Никто больше не упоминал об этой вечеринке. Не было никаких слухов, никаких сплетен. Даже сестра Шарля Демоля ничего не знала. Серж Шубовска поймал ее за плечо, заставив вздрогнуть, когда она рассматривала витрину «Сувенир-Сувенира», оформленную на тему ланей – хрустальных, фарфоровых, из дутого стекла, резвящихся на резиновом лугу. Серж задал ей вопрос без предисловий, что ее, похоже, не смутило. Она лишь нахмурила брови и покачала своей крысиной головкой. «Нет, не было никакой вечеринки у Тбилиси. И траха на столе для пинг-понга не было.
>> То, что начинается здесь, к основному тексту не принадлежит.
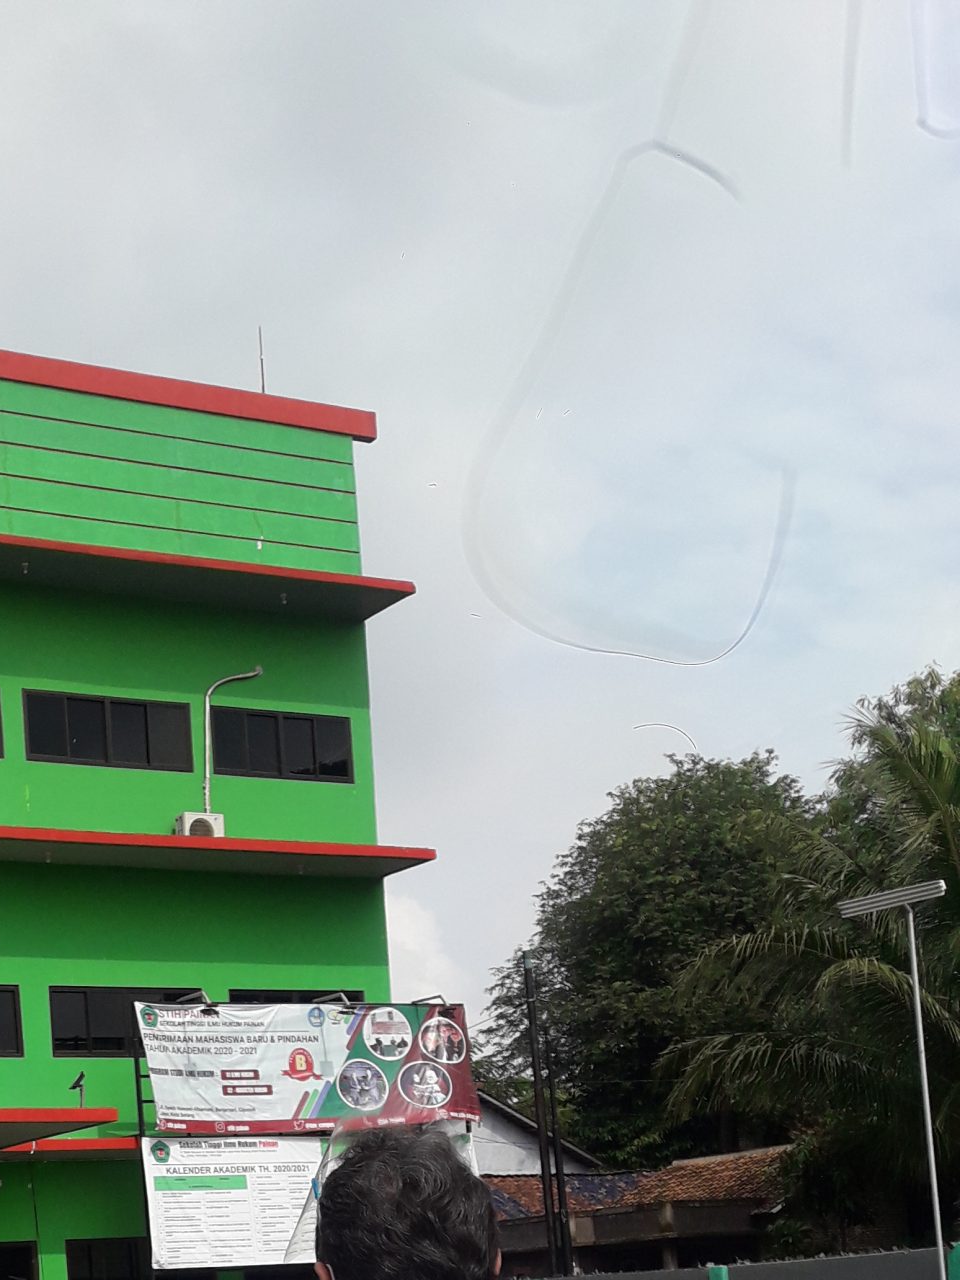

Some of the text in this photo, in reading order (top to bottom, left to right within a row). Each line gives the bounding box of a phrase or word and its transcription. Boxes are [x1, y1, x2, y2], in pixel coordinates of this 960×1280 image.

[195, 1035, 246, 1044] MAHASISWA
[247, 1035, 269, 1044] BARU
[270, 1036, 276, 1044] &
[277, 1035, 320, 1044] PINDAHAN
[171, 1045, 212, 1055] AKADEMIK
[213, 1047, 233, 1056] 2020
[240, 1046, 258, 1055] 2021
[295, 1054, 308, 1071] B
[166, 1164, 311, 1175] KALENDER AKADEMIK TH. 2020/2021
Я бы знала». Потом она добавила, посерьезнев взглядом, как детектив, копающий свои личные досье: «Насколько мне известно, Натали Гурвиц спит только со своей кузиной Бабет». Что же до Франко, он только посмотрел на нас с отстраненной улыбкой и пожал плечами.
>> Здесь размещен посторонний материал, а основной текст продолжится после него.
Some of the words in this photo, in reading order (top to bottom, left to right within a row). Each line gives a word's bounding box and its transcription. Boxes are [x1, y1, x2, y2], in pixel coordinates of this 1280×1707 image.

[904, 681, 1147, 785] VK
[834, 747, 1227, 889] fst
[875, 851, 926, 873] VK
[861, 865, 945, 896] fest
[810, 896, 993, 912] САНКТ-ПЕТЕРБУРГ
И все же мы знали. Мы знали, что в подземном мире, в подвалах с резными панелями, происходит нечто. Знали и то, что нам никогда не попасть в эти подвалы. Мы не говорили об этом между собой, но, когда, позже, слышали ностальгические свидетельства – май 68-го, свобода, лучший мир, секс, вся эта хрень, – пронзительная боль растекалась по нашим затылкам.
В Париже воздух был наэлектризован, город рычал как зверь, и мы спали с отвязными девчонками, которые вешались нам на шею, – Эдуард де Монтень подобрал на своем «остине» у Сорбонны маленькую рыженькую в мини-юбке, открывавшей розовые хлопковые трусики, которая буквально ввалилась в машину и сказала ему: «Трогай, милый, за мной гонятся». Она поцеловала его на светофоре, и однажды вечером, в дымину пьяный, он прочел нам до неловкости эротическую поэму о происхождении мира на пассажирском сиденье. Мы курили в окна вечерами, и Эдуард де Монтень на улице Месье-ле-Пренс смотрел, как вспыхивают машины, точно воспламененные сердца, и приглядывал за своим «остином», на который никто никогда бы не покусился, словно нарочно, чтобы подчеркнуть его незначительность – и нашу тоже.
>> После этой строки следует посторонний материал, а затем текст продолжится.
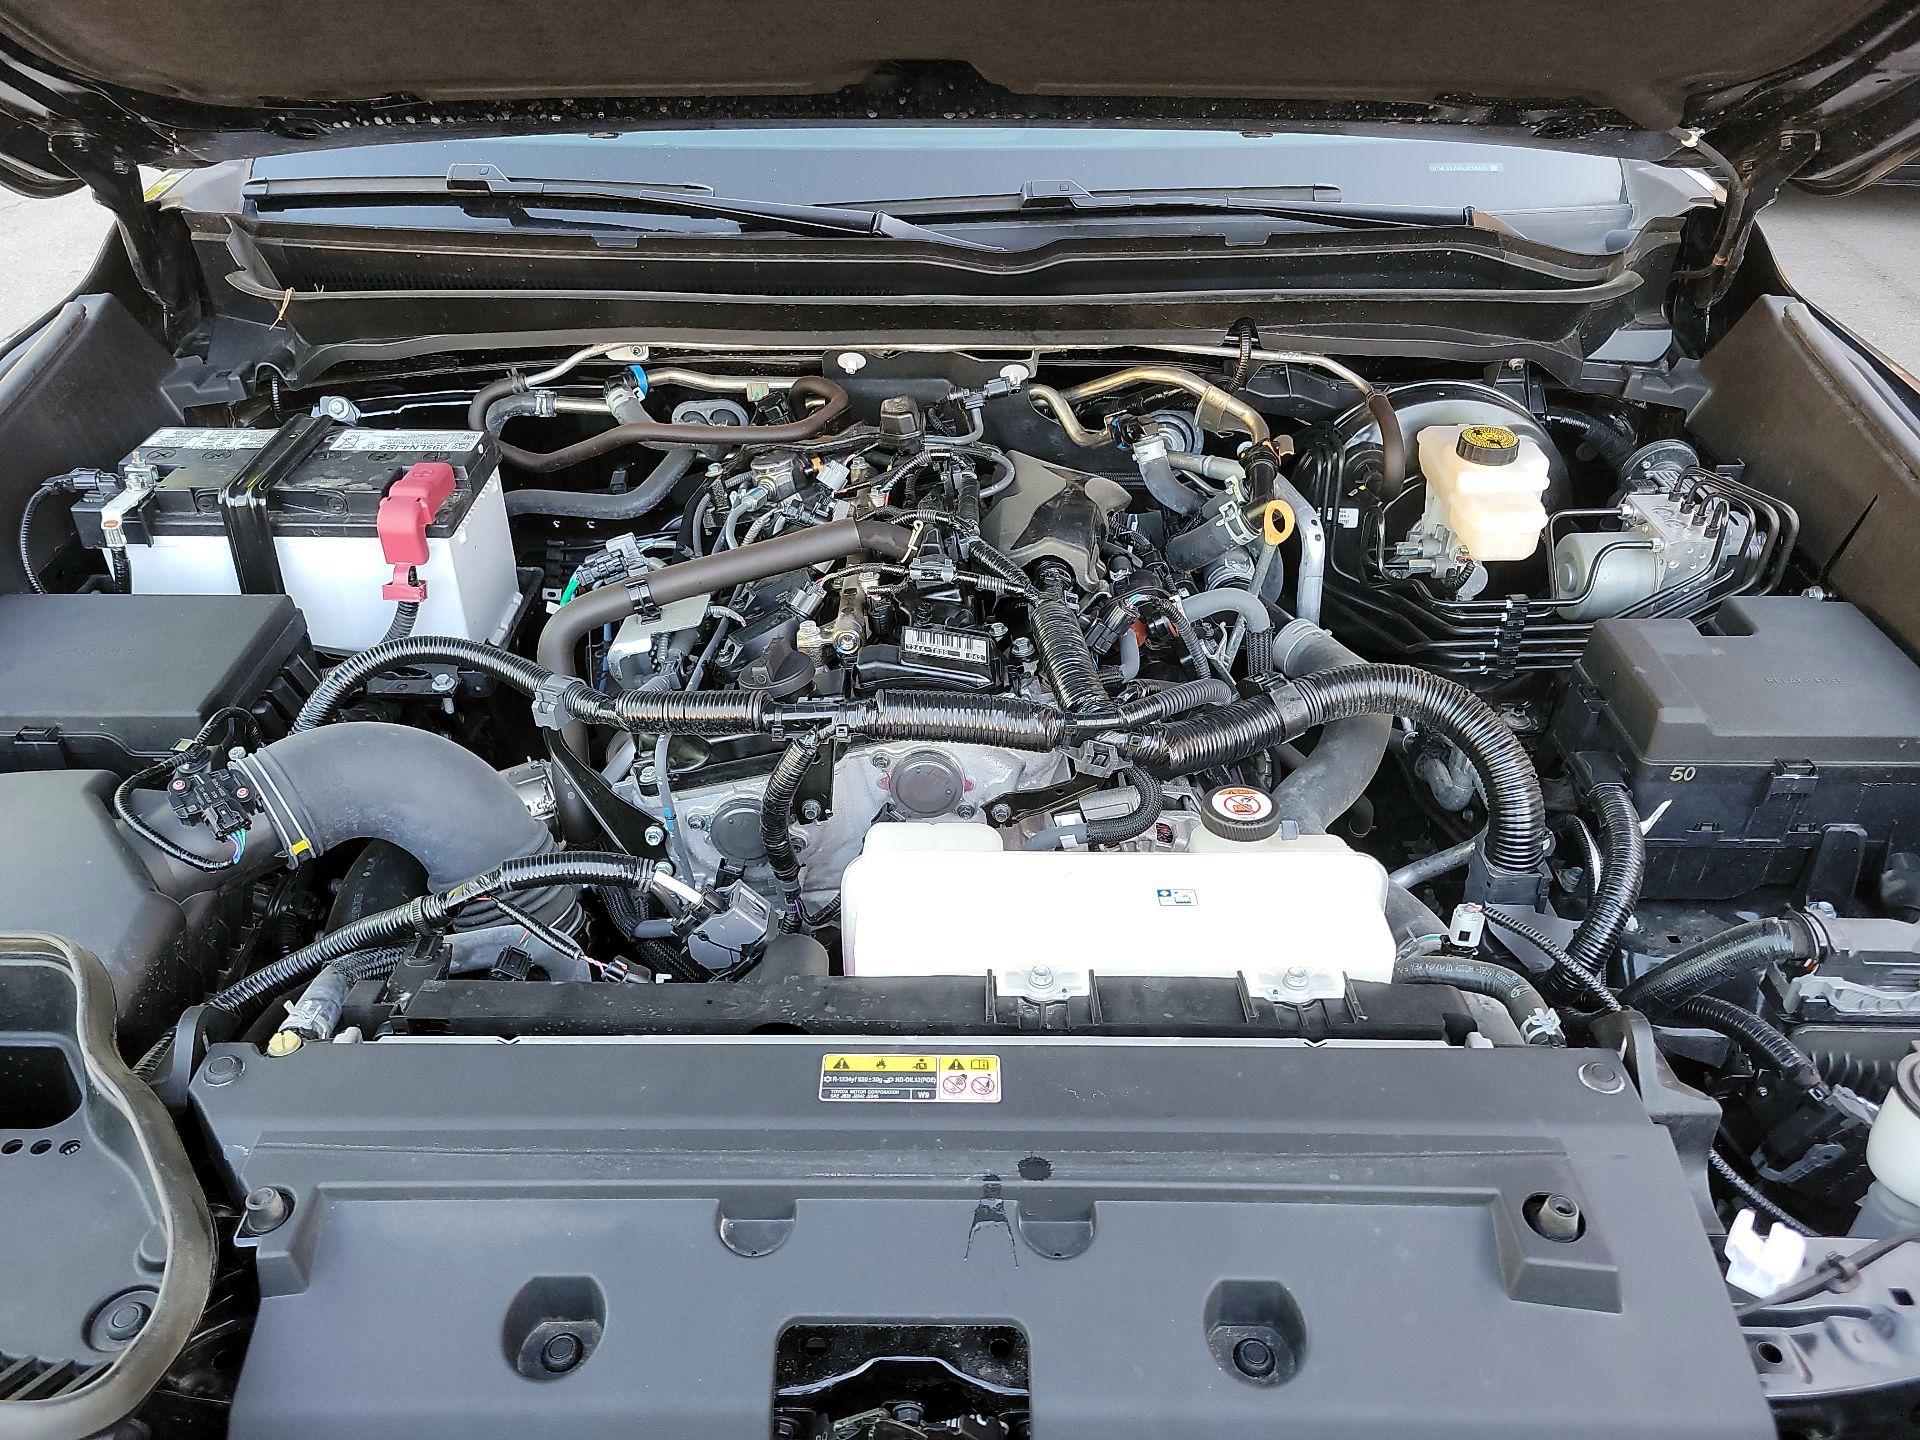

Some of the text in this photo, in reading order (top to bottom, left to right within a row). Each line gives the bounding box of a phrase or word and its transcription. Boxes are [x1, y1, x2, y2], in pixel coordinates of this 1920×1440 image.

Даже Патрик Сенсер, который возвращался с окровавленным лицом, вздув лицеистов на выходе из кафе, казалось, переживал внутреннее смятение, печаль, словно ему не хватало убежденности.
Следующим летом в Кране он не говорил больше о возрождении патриотизма и стал играть в керлинг, войдя в команду Ариэля Каттана, которую привел к победе на любительском турнире Сьерр/Сьон в 1969-м; и даже Эдгар Суарес, которому он разбил нос в Париже в ноябре месяце, после того как тот обозвал его «фашистским дерьмом», обнимал его долго, как брата.
Кран-Монтана была равна себе, непотребно неподвижная, безразличная к гомону окружающего мира. Деревня продолжала жить в ритме лыжных дней, семейных прогулок, вечеров на террасе «Спортинга», где пианист играл In a sentimental mood[11], будто был один на свете. Но в воздухе висело напряжение. Когда мы проходили швейцарскую таможню в наших роскошных седанах, наши матери вцеплялись в сумочки, лбы отцов блестели, губы подергивались влажной пленкой. Даниэль Видаль рассказал нам, что, едва приехав в шале, отец на его глазах извлек из багажника запасное колесо и заперся в лыжном сарае, а матери пришлось одной перетаскивать багаж, спотыкаясь в туфельках на каблуках. «Эта шина была набита баблом», – сказал он нам голосом зрелого мужчины.
Наши родители шептались по телефону, матери отправлялись в «Швейцарский Кредит» с дорожными сумками. Они были напряжены и, хотя еще принимали гостей на аперитив, накрасившись и причесавшись с патологическим совершенством, все чаще проводили вечера у себя в комнате, где мы заставали их спящими, в шелковых колготках, свернувшимися клубочком, как беспокойные дети. Спустя годы рассказывали, что Бьянка Ферольди обнаружила в семейном шале, в дальнем углу камина, картины, завернутые в бумагу, все в саже, и сапфиры в коробочке из-под леденцов от кашля.